At that age, I was very unsure of myself. I had started university with a plan to do well and go to Paris in my second year on a school trip. I wanted to be a translator. I was enrolled in an Honours BA in French. I don’t remember if in October I was already having trouble with school. I may still have been excited about meeting so many new people of varying ages and backgrounds. When Ron walked in to the gas station, I was happy to see him, someone my age who looked friendly. His startling me lent a kind of magical air to the experience.
He pointed out his motorcycle, a very small bike. It was a 1967 Yamaha 80 CC and I was surprised it was even street legal. He had come for help because it had run out of oil and he didn’t know what kind he should use. We got lots of requests of this nature at the station. I was no expert but my father used to ride a motorbike, so I called him. When I spoke to him about Ron, Ron heard the enthusiasm in my voice and decided that he would come back the next week.
Ron and I had a great conversation. I learned he was doing a co-op work term in Mississauga after first-year university at the University of Waterloo in Systems Design Engineering. I was impressed by how smart he was, and how brave, leaving his home in Winnipeg at 17 to come to Ontario for school. I was still living in Mississauga with my parents.
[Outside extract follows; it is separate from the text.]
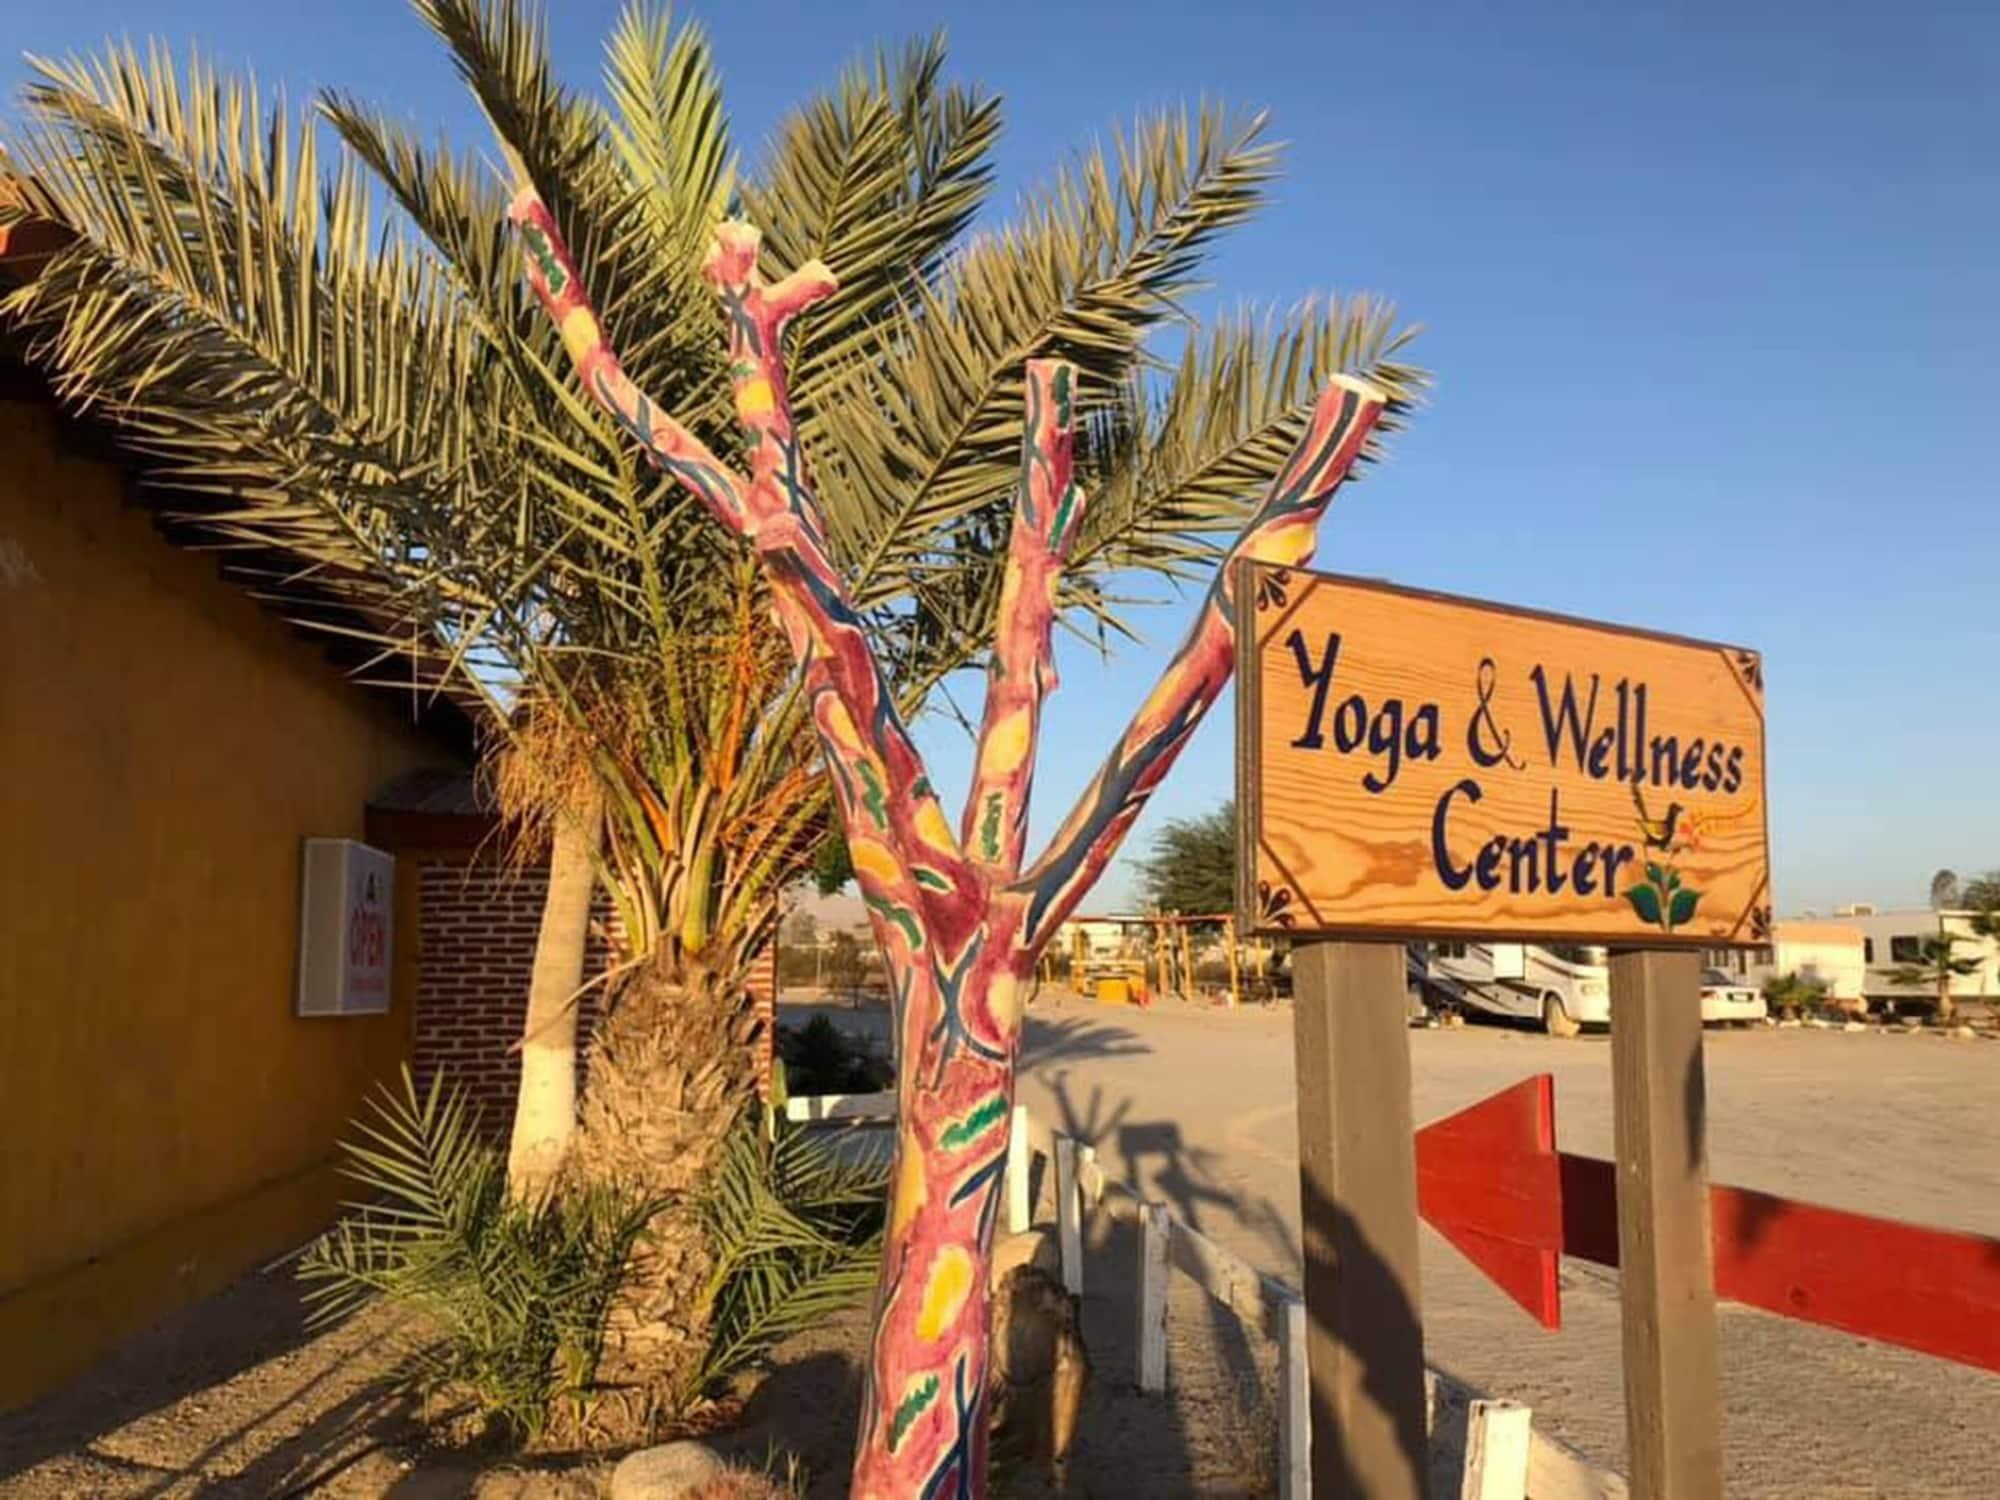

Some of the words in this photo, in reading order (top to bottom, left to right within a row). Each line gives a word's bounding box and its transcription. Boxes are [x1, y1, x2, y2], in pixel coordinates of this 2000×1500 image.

I had dreamed of leaving home and saved for university since I was 8 years old. I wanted desperately to leave that place.
The next week was Halloween. He brought candy for the kids. That’s the kind of person Ron always was: thoughtful and considerate of others. I was charmed by that, even though no kids came in to the station at all during my shift. We had another great conversation. He told me about his family and especially his siblings who he was really proud of and missed. He showed me some photos of his youngest brother’s clay dinosaurs. I wasn’t close to my siblings who were 10 and 12 years older than me and had left home some years before.
Ron asked me out. He said he could get us tickets to Second City, a comedy show in Toronto. It was very exciting to me. I hadn’t done a lot of dating in my youth. My father was very possessive and I could only date in secret throughout my teen years, so it happened rarely and involved meeting groups of friends at a local roller skating rink or sometimes making out with a boy at Maria Curtis Park, but I didn’t really have dates. I did meet some boys when I was on choir / band exchanges to the States when I was in high school, but those were nothing more than going to dances at the school and make out sessions. No one had ever asked me out.
Ron couldn’t get tickets for the next week, so he invited me out to dinner and a movie. It all felt very glamorous to me. We met at the Bloor Yonge Subway. He had to come all the way from Mississauga by bus and was late, which I remember being annoyed by. When we met for coffee long after we were no longer a couple in the last decade or so of his life, he was always early for our coffee chats. Back then though he was late a lot.
We went to Frank Vetere’s near the theatre at Bloor and Yonge. We were in a bit of a rush because we wanted to see the film, the World According to Garp, so we ate the really hot pasta dishes, both of us burning our mouths on the food. It was a lovely time. The movie was great and the company was wonderful. I can’t remember afterward. Did we ride the subway and bus home? Did he escort me back to my place? I really don’t remember anymore. I wish I did. I wish I had all of our early encounters memorized, but I do remember that there was a connection right from the start.
I will write again soon about those early days in Toronto, the move to Waterloo, then Ottawa. I think it might help me to share these memories. If you are grieving the death of someone you love, does it help you to share your memories?
Thank you to all who have offered condolences. I am sad but grateful to have known Ron. He was a lovely person.